Sunday 26 October 2014

Travelling in Costume

When I was eleven, my family went to the Peel Viking Festival on the Isle of Man. To get there, we went on the bus from Douglas across the island - and sitting in front of me, so close I could touch the fur on his collar, was one of the Viking re-enactors in full kit.
It was very exciting - and I wanted to be able to do that.
Thinking back on it, his kit was not all that authentic, but it didn't matter. I was sitting on a bus with a real, live Viking!
So ever since then, I've made a point of travelling in costume whenever I can.
As a student, I travelled from Lancaster to London dressed as a Lord of the Rings elf, to the fascination of a little girl sitting across the carriage from me, who plucked up the courage to ask me if I was real as we were pulling into London. "Yes, I am," I said, and she looked so delighted she could burst!
I've also, as a dare, worn my Star Trek original series miniskirt uniform on a train from Liverpool (where the convention was being held) to London. I was also being an Andorian that weekend, so I was painted blue with a white wig and antennae, too. I was with a group of friends, also in costume, for most of the journey, but not when we were crossing London on the tube on the final leg of the journey home.
It was also the weekend of the Notting Hill Carnival, and my clearest memory is of a tube train stopping at the platform, too cram packed with people for us to get on. The doors opened, people saw me and screamed, and the doors closed again.
And now I'm a historical re-enactor. The first time I wore my wimple in public, I was mistaken for a nun.
On another occasion, I was dropped off in Hereford to go home from a show, while the rest of the group went on somewhere else (I had to get home, unfortunately). I had an hour or so to wait for the bus home, so I went into the cathedral, just as a service was about to start. The chap giving hymnbooks out didn't turn a hair, even though I was lugging a suitcase with a longbow tied to it. I was very impressed.
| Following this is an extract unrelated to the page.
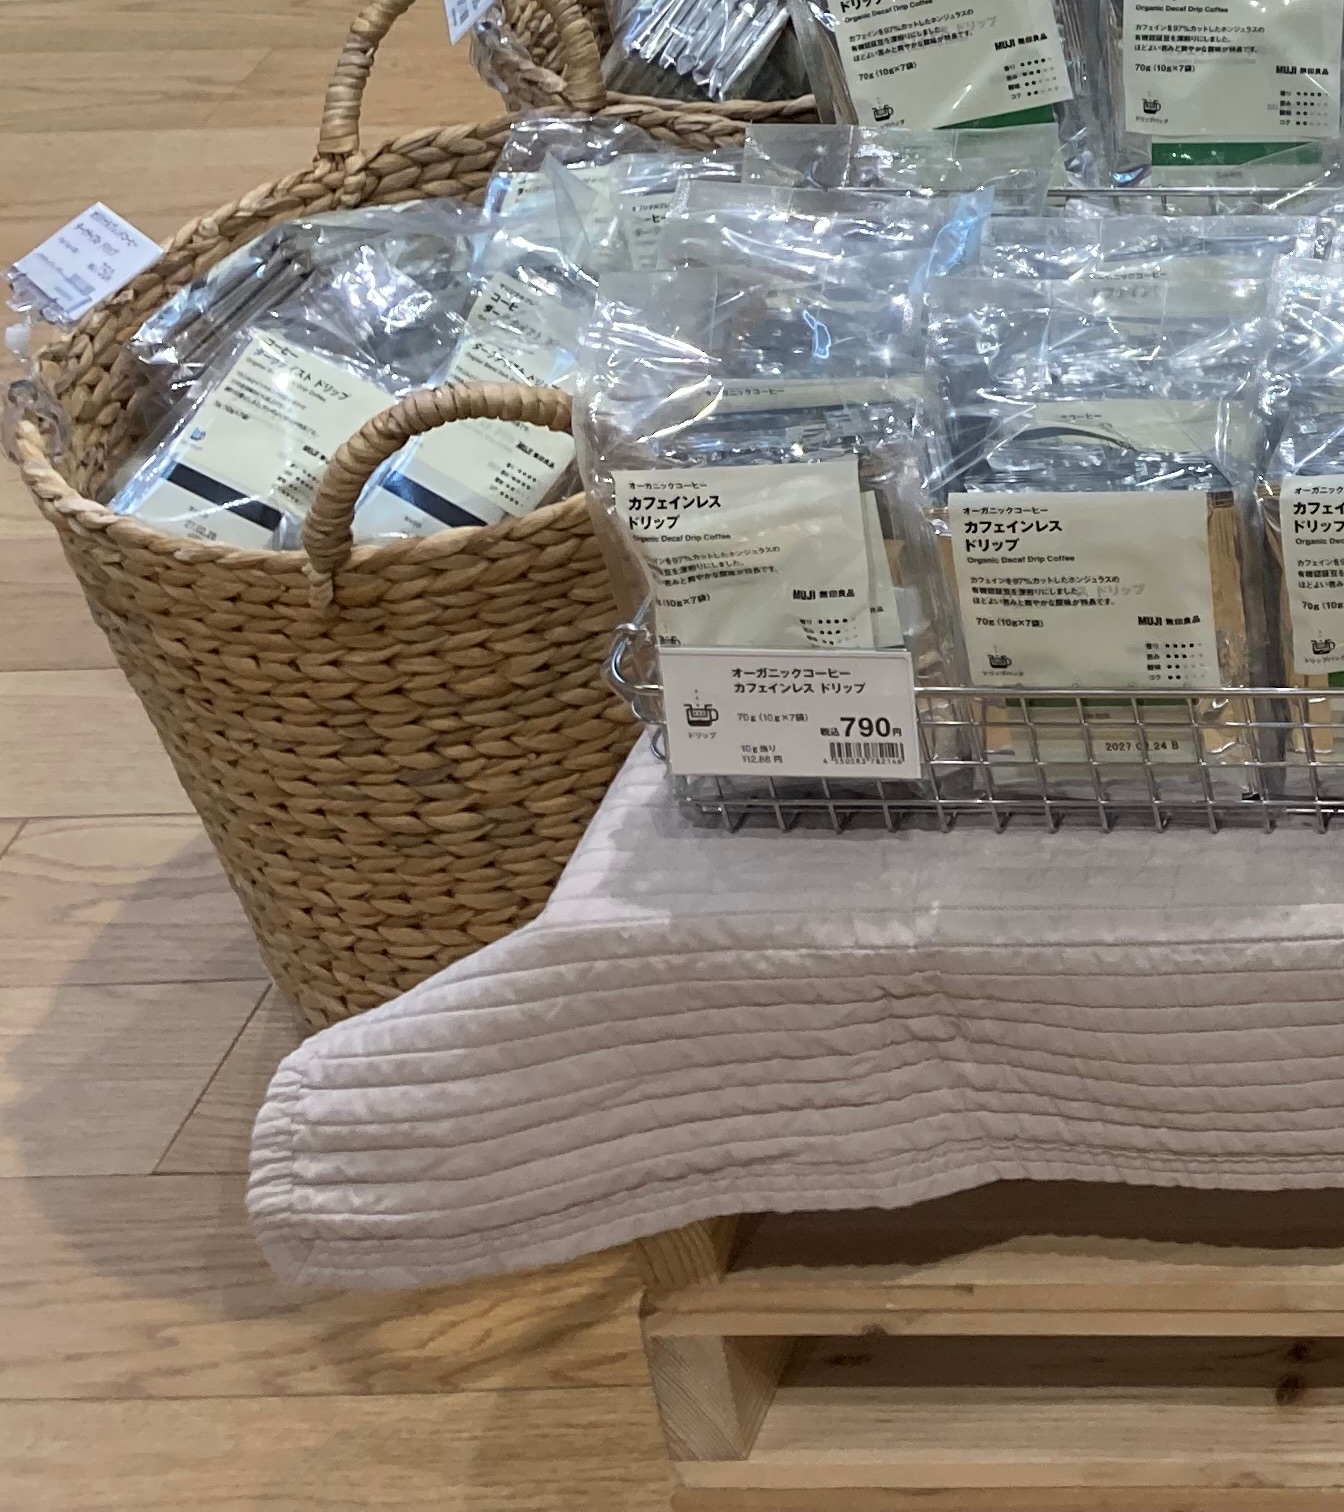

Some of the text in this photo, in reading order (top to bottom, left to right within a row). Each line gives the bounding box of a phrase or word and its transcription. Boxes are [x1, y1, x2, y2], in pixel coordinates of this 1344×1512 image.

More recently, I've been attending Hereford History Day (it's been running for three or four years now). I travel by bus locally often enough to recognise the drivers, and they recognise me, so I explained as I paid the fare where I was going, in my full medievals with a big wicker basket full of spinning and weaving supplies. "I wasn't going to say a word," he said.
This year, the emphasis was more on the First World War, so the medieval group I belong to wasn't there, and I went in dressed in a long linen skirt, Laura Ashley blouse and a solar topee - obviously just back from the Raj in time to wave goodbye to Our Brave Boys as they went to the Front. And because I wasn't part of a group that day, I could also go to the Beer on the Wye Beer Festival.